National team coach says WCL Division 2 in Namibia 'is a really meaningful tournament' and 'we go to Zimbabwe with some really telling cricket under our belts
They were in the doldrums back then, with a run of pitiful results and a missed qualification for the 2016 World Twenty20 following on from the high of playing at the 2015 World Cup.
Mustafa, with his spiky, ultra-aggressive leadership, provided a new direction, in harness with the new coach Dougie Brown, and the team have soared since.
But his personal form dipped just as they were getting ready for the most important test of his tenure to date.
“I didn’t perform against Ireland and Scotland in the practice matches in Dubai, and I was a little worried,” said Mustafa, whose personal prospects were turned around when he was promoted from the middle order to open in 2016.
“My team were worried about me because they need a player to give them a very good start. I aim to be that player.
“When we went to Pretoria, the wicket was slow, and I didn’t perform there, either.”

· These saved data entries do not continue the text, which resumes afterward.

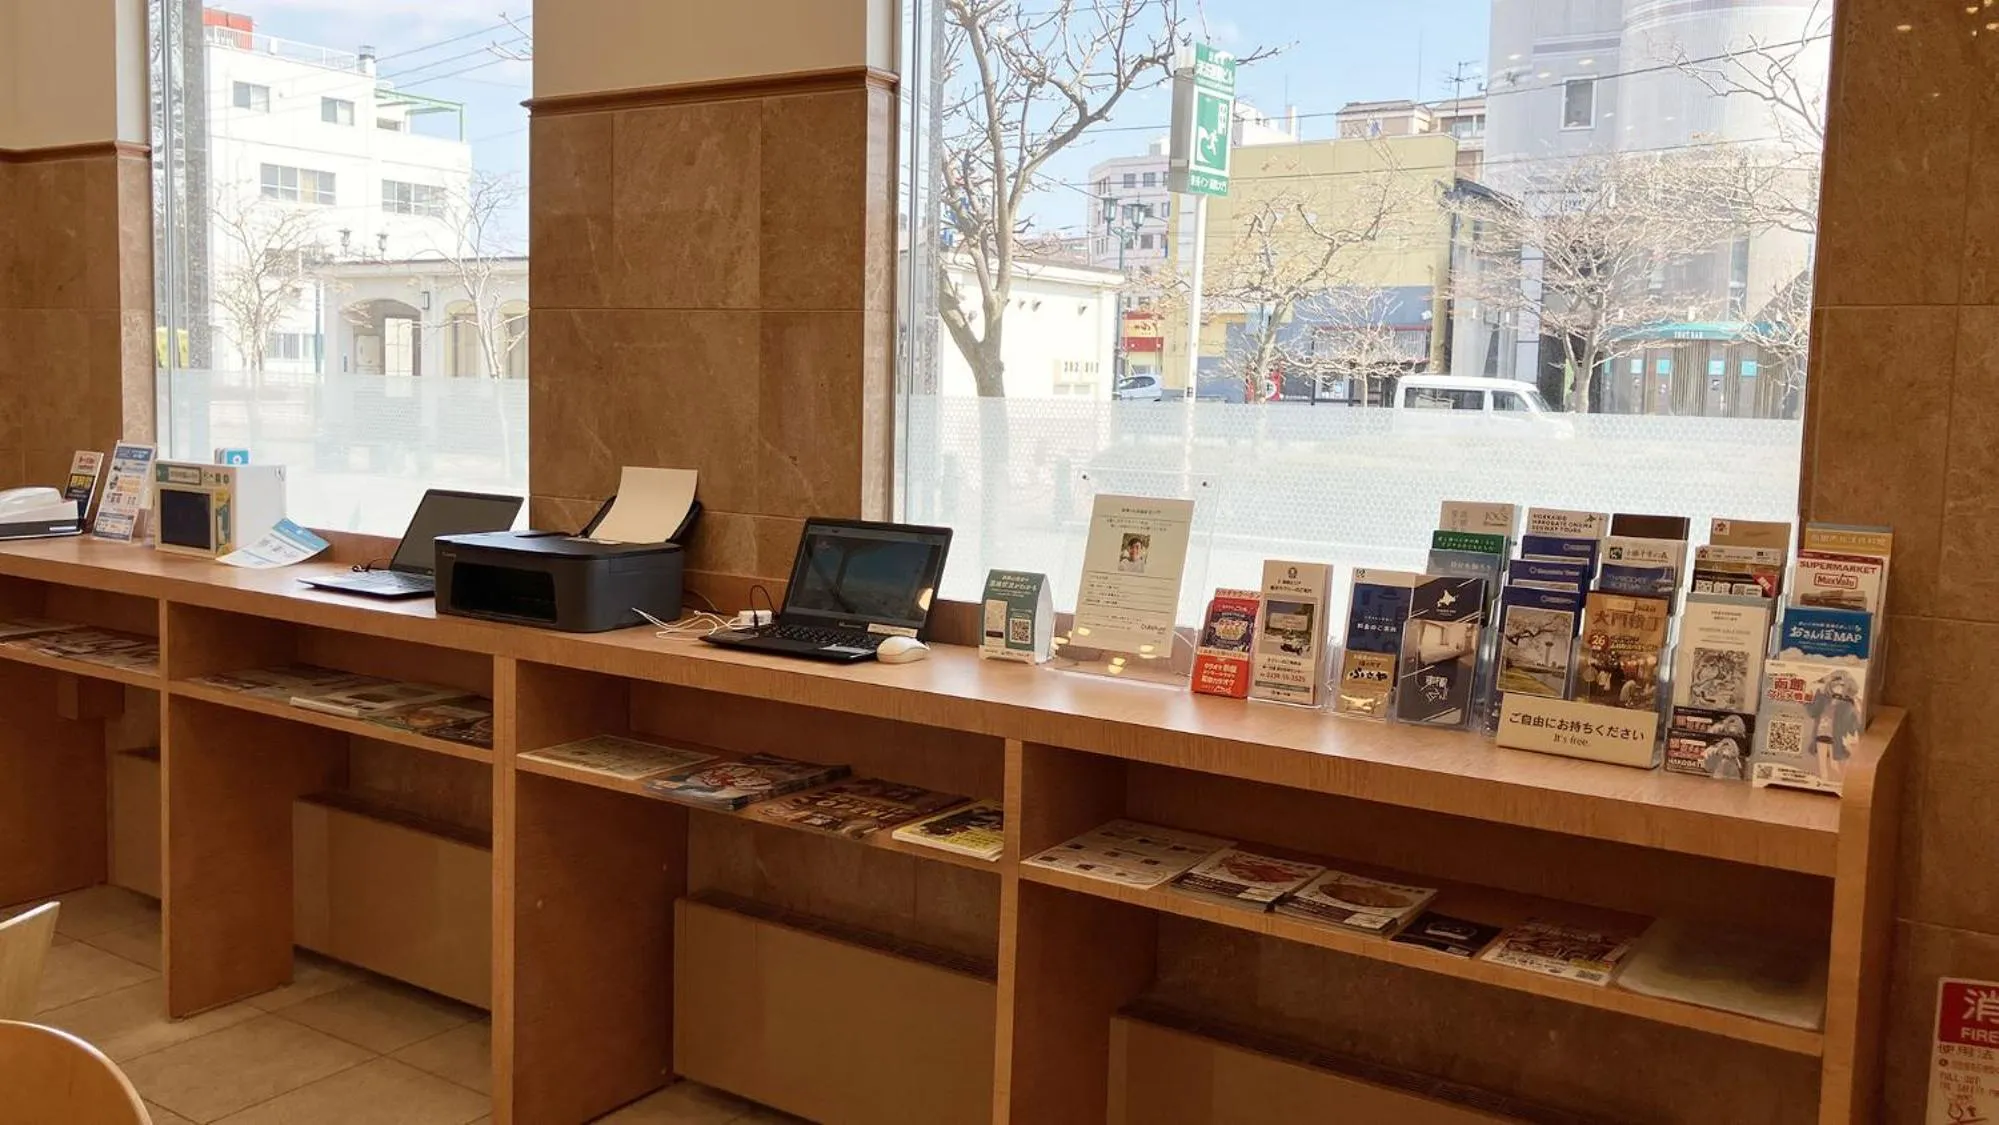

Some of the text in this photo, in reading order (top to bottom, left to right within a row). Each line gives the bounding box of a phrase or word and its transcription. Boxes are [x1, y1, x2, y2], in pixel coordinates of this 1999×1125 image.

[1799, 560, 1877, 575] SUPERMARKET
[1817, 573, 1855, 588] MaxValu
[1592, 634, 1605, 646] 26
[1789, 625, 1862, 643] おさんぽMAP
[1774, 677, 1804, 692] 函館
[1509, 712, 1645, 741] ご自由にお持ちください
[1553, 733, 1589, 747] It's free
[1961, 1026, 1999, 1043] FIRE

Then, as the team started to stumble in Windhoek, teetering on the edge of a precipice that could have been ruinous for the sport in the UAE, Mustafa grew.
His love of a challenge was evident in the Canada game – the first of two games UAE eventually lost – when he brought himself on to bowl just the fourth over, after a searing start from the opposition openers. He picked up a wicket with his very first ball.
Aaqib Javed, the former UAE coach, used to term Mustafa his “man for a crisis”. Despite being an off-spinner, he regularly takes on the challenge of bowling the slog overs.
At most of the major pressure points over a week that was addled with tension, Mustafa did his best to put himself in the middle of it.
He ended the tournament with 13 wickets, which was third best behind Nepal’s Sandeep Lamichhane and Oman’s Bilal Khan. And he made 183 runs with the bat, book-ending the competition with half-centuries against Kenya in the opener, and Nepal in the final.
“When I came [to the opening game against Canada] Nedo [Mohammed Naveed] and Ahmed Raza encouraged me,” Mustafa said.
“The team have been supporting me in everything, in my decisions, if I do something wrong, they just support me.
“I think, how the team has been performing over the past few months, I was confident.
“Over here, it has been rainy weather, and the wickets were not helpful. Somewhere, somehow, you need luck as well.”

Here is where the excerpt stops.